“New data shows that the radial approach is superior to the femoral not only in terms of vascular complications and major bleeding events but also in reducing all-cause mortality,” said Professor Marco Roffi (Switzerland), Task Force Chairperson. “It is recommended that centres treating ACS patients implement a transition from transfemoral to transradial access. However, proficiency in the femoral approach should be maintained, as this access is indispensable in a variety of procedures, including intra-aortic balloon counterpulsation implantation, structural heart disease interventions, and peripheral revascularization procedures.”
A new, shorter algorithm for diagnosis in patients with suspected non-ST-elevation myocardial infarction (NSTEMI) is introduced. When high-sensitivity troponin assays are available, blood tests can be done at presentation and after 1 hour instead of the current practice of 3 hours. Professor Carlo Patrono (Italy), Task Force Co-Chairperson, said: “Both algorithms are equally good and either can be used. The 1 hour protocol accelerates diagnosis and consequent treatment or rules out NSTEMI so patients can be discharged or investigated for other conditions. This should translate to shorter stays in the emergency department.”
While the general recommendation of dual antiplatelet therapy (DAPT) for one year remains, a tailored duration (i.e., shortened to 3-6 months or extended up to 30 months) is now allowed in selected patients at high bleeding or ischaemic risk, respectively. “The duration of DAPT is a hot topic,” said Professor Marco Roffi. “With improved drug-eluting stent technology, stent thrombosis rates have dropped dramatically and recent data suggests that shorter duration of DAPT in patients at high bleeding risk is safe and effective. In addition, new data shows that DAPT beyond one year is effective in reducing ischaemic events in selected patients at high ischaemic and low bleeding risk.”

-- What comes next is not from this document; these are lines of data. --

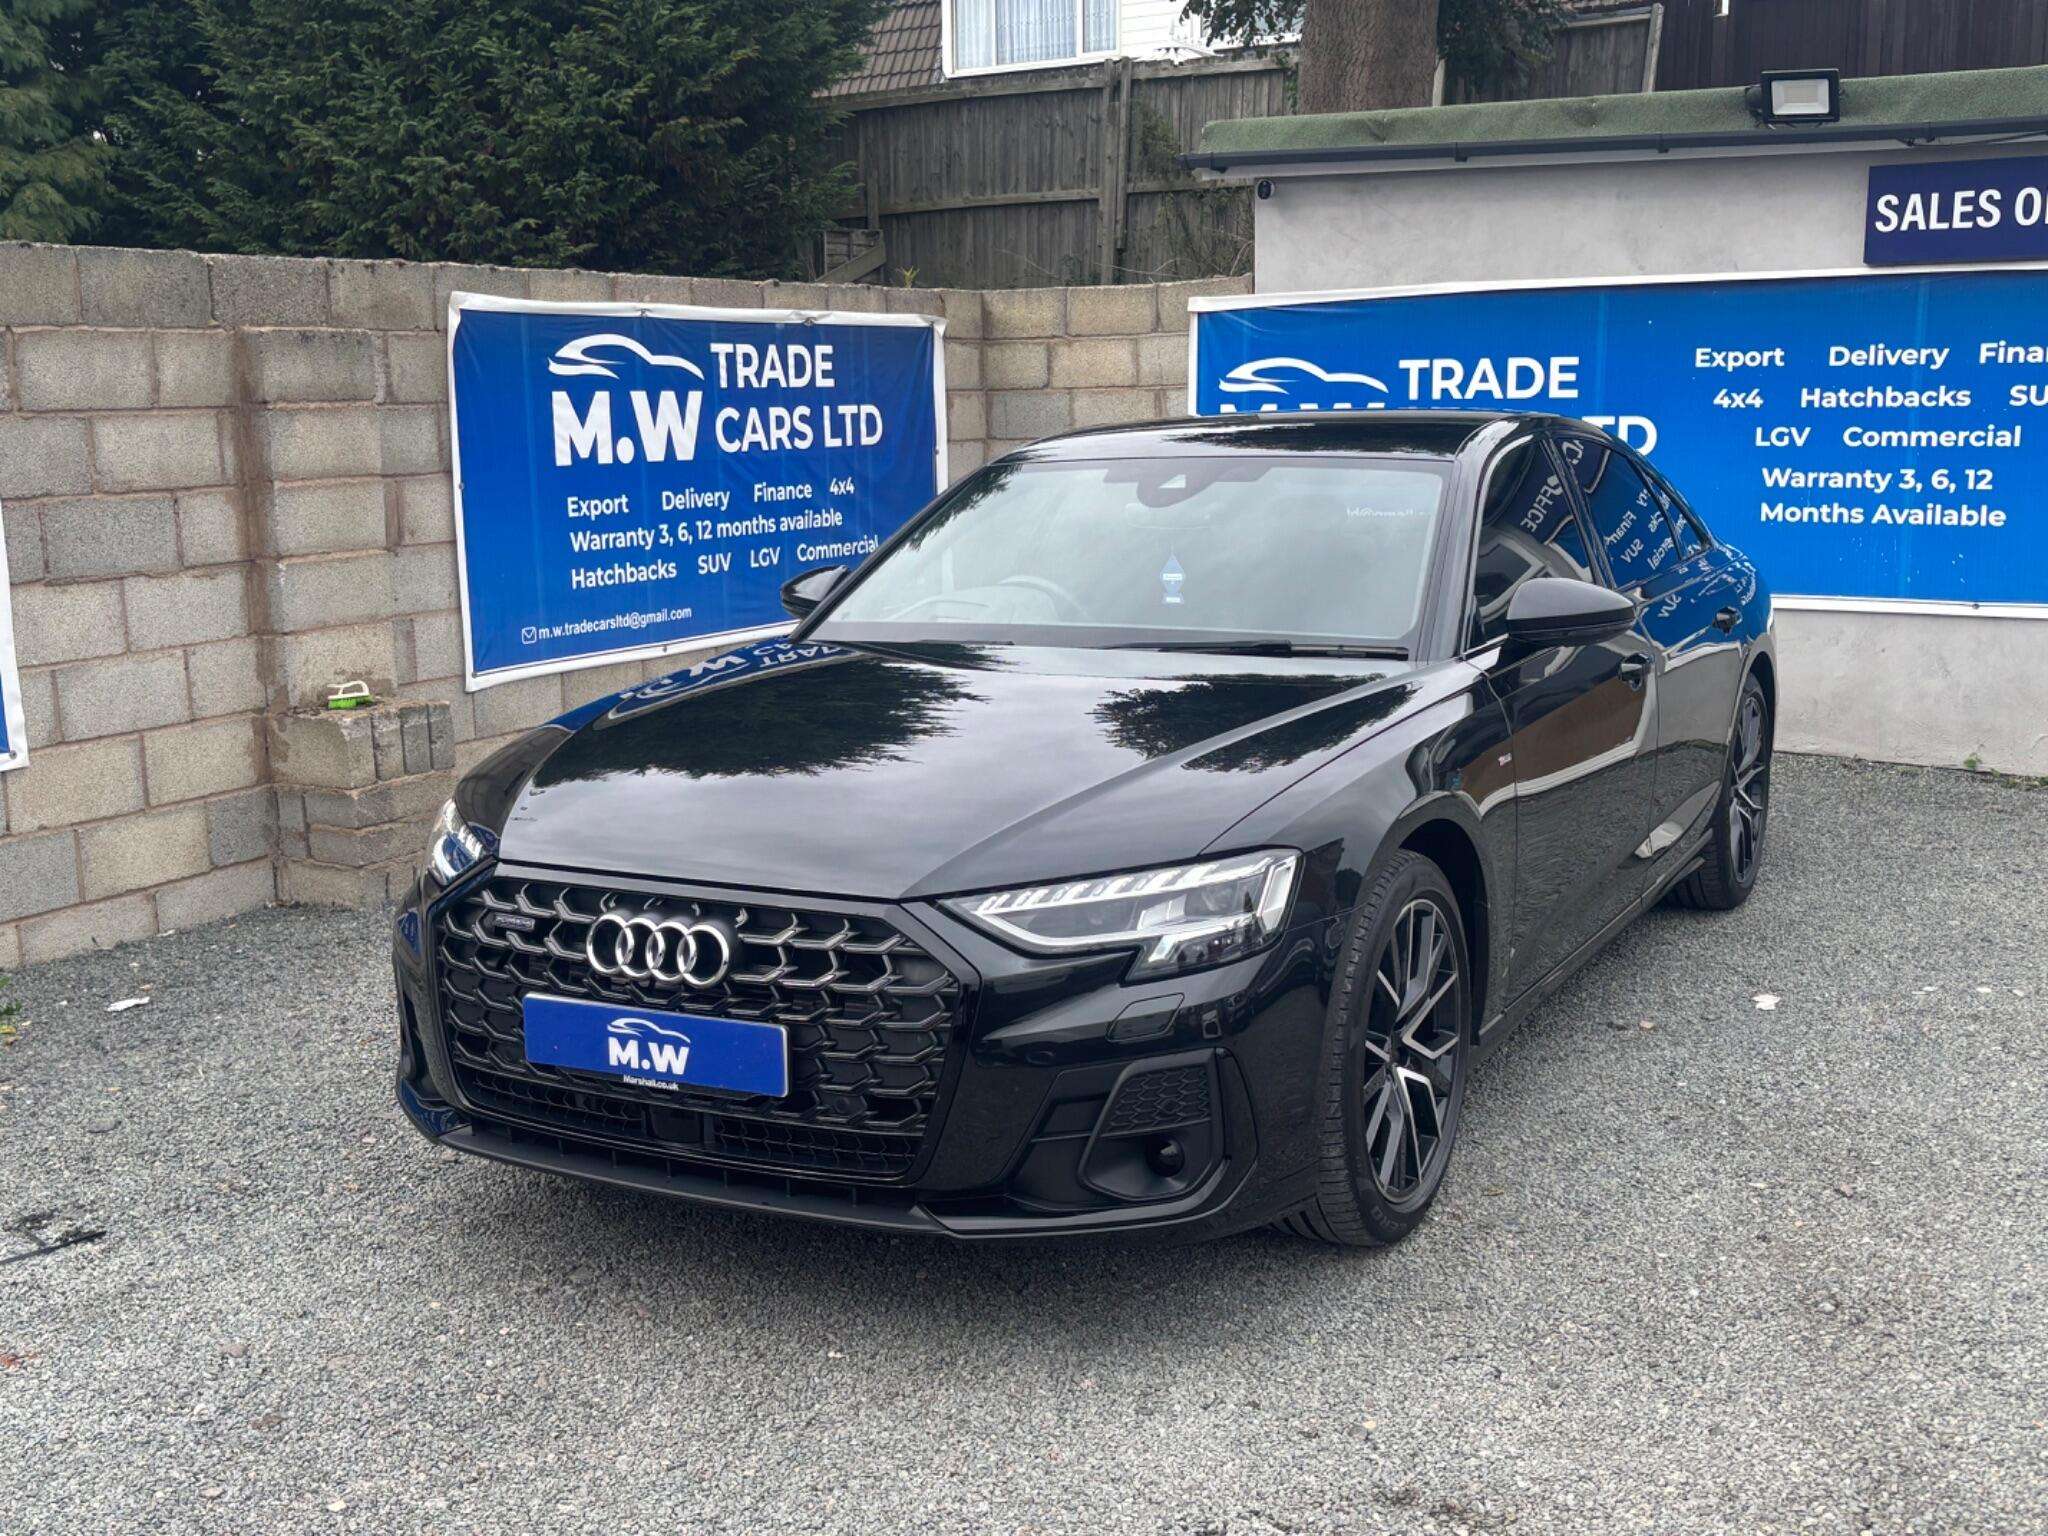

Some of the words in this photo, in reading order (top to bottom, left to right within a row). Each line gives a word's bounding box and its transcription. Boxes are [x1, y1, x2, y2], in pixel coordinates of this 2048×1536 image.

[1875, 188, 2002, 233] SALES
[2014, 187, 2048, 226] O
[710, 342, 835, 388] TRADE
[1695, 347, 1785, 372] Export
[1829, 343, 1950, 370] Delivery
[1979, 340, 2048, 364] Fina
[1398, 356, 1580, 400] TRADE
[1713, 388, 1764, 408] 4x4
[1800, 385, 1971, 408] Hatchbacks
[551, 390, 703, 467] M.W
[715, 405, 814, 453] CARS
[822, 404, 883, 448] LTD
[1755, 426, 1811, 447] LGV
[1842, 424, 2022, 447] Commercial
[567, 494, 629, 521] Export
[661, 487, 730, 511] Delivery
[753, 481, 813, 503] Finance
[829, 477, 855, 496] 4x4
[1762, 467, 1892, 493] Warranty
[1898, 468, 1923, 493] 3,
[1931, 468, 1956, 494] 6,
[1965, 469, 1993, 490] 12
[569, 526, 655, 551] Warranty
[658, 523, 674, 547] 3,
[677, 521, 693, 545] 6,
[695, 520, 713, 540] 12
[716, 514, 777, 538] months
[779, 508, 843, 532] available
[1760, 502, 1865, 524] Months
[1871, 503, 2007, 527] Available
[571, 558, 677, 590] Hatchbacks
[697, 552, 731, 575] SUV
[750, 546, 781, 568] LGV
[796, 535, 879, 562] Commercial
[538, 607, 692, 639] m.w.tradecarsltd@gmail.com
[607, 1036, 690, 1075] M.W

The most controversial area discussed by the Task Force was the optimal time to give P2Y12 inhibitors to NSTE-ACS patients scheduled for invasive assessment. The 2011 Guidelines3 recommended the antiplatelet drug be given as soon as a diagnosis was made, independently of when the patient would undergo coronary angiography (called pretreatment). The first study designed to test the impact of P2Y12 inhibitor pretreatment in ACS showed that prasugrel pretreatment resulted in more bleeding events compared to giving the drug at the time of coronary angiography/PCI in the absence of a reduction in ischaemic events.
“Prasugrel pretreatment is now contraindicated, which is a change of paradigm,” said Professor Patrono. “In retrospect, we were over confident about the value of P2Y12 inhibitor pretreatment. With respect to ticagrelor and clopidogrel, the optimal timing of drug administration in patients scheduled for an invasive strategy has not been properly studied, so we do not give any recommendation for or against pretreatment. This is a gap in evidence that requires further research.”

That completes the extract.